Lorraine Smith psychology coursework
Do people remember more words in the morning or afternoon?
I am doing my coursework on weather people remember more words in the morning or afternoon. Without memory we would be unable to do the simplest things in life such as getting dressed, speaking and even recognising people who we are close to. I am going to do the experiment on the same group of people the first experiment is going to take place at 9.30 in the morning and the second experiment a week later at 2.30 in the afternoon. This is called a repeated measure. Atkinson & shifrin did a study and found that Memory is thought to consist of 3 separate stores sensory memory, short term memory and long term memory. Sensory memory only stores information for a few seconds in its original form e.g. speech is stored as sound and visual information is stored as pictures. If it is encoded it is stored into the short term memory but if not the sensory information starts to fade away. Short term memory is information that has been encoded and passes into the short term memory. It is as though we have about seven (plus or minus two) slots in our short term memory and when they are filled any more new information pushes out or displaces the information that we already have stored.
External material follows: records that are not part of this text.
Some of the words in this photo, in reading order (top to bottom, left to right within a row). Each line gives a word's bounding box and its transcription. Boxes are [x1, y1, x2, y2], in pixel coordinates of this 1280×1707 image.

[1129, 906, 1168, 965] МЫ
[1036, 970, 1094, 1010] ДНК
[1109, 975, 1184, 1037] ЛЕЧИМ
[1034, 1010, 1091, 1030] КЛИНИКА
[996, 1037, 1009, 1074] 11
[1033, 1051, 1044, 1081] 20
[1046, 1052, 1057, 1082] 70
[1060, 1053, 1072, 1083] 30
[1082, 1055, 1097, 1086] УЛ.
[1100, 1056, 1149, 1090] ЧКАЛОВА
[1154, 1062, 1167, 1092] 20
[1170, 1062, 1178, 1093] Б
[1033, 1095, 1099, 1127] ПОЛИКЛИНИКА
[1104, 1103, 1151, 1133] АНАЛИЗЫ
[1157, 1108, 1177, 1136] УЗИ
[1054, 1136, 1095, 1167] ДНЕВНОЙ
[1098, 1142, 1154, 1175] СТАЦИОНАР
Long term memory is information that may have transferred from short term memory into the long term memory because of rehearsal or through the process of encoding where it may remain indefinitely and can be retrieved for future use. Murdock (1962) primacy and recency effect supports this theory Murdock give the participants a number of words to remember and then asked them to recall as many as possible and he found that the first words that the participants called out was the words that he heard last this is because of the recency effect and proves that the last few words are still stored in the short term memory. The other words that most participants remembered was the words that they heard first this is called the primacy effect and proves that these words are stored in the long term memory because the participants had time to rehearse the first few words.